## EXERCISE AIM
The records that follow are to be transcribed in full, without their images.

===== RECORDED DATA

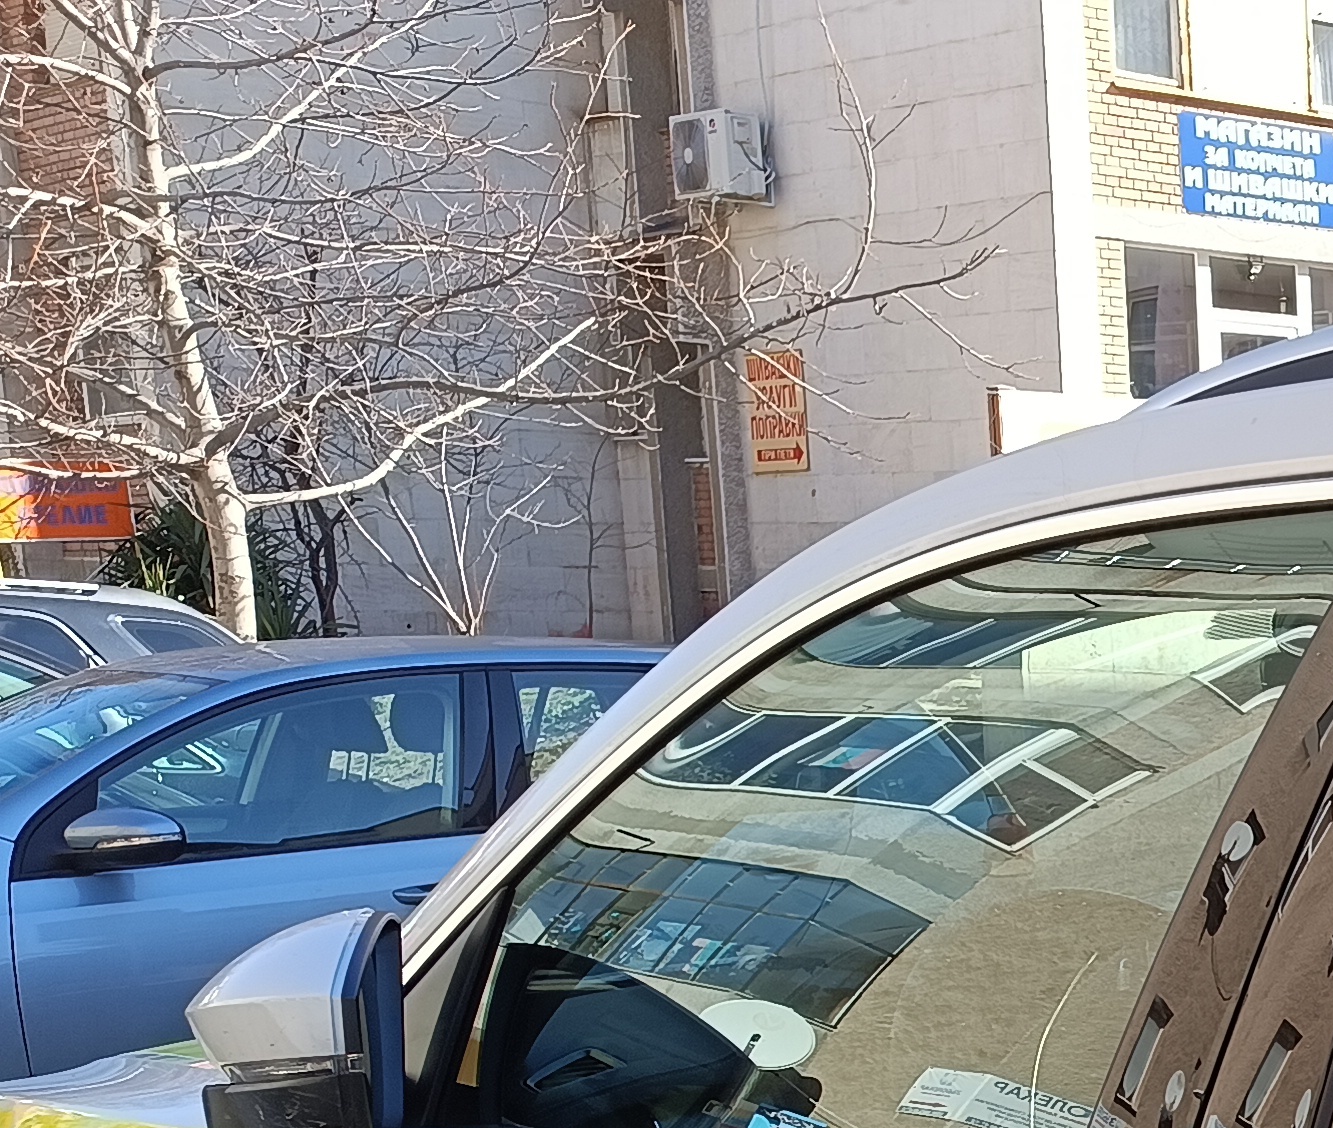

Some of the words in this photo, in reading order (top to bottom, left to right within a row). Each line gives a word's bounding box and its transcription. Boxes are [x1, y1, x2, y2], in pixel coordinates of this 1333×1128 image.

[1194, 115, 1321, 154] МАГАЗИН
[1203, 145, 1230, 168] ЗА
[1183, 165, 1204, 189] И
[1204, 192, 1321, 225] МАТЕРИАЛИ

==========

## SOLUTION
Some of the words in this photo, in reading order (top to bottom, left to right within a row). Each line gives a word's bounding box and its transcription. Boxes are [x1, y1, x2, y2], in pixel coordinates of this 1333×1128 image.

[1194, 115, 1321, 154] МАГАЗИН
[1203, 145, 1230, 168] ЗА
[1183, 165, 1204, 189] И
[1204, 192, 1321, 225] МАТЕРИАЛИ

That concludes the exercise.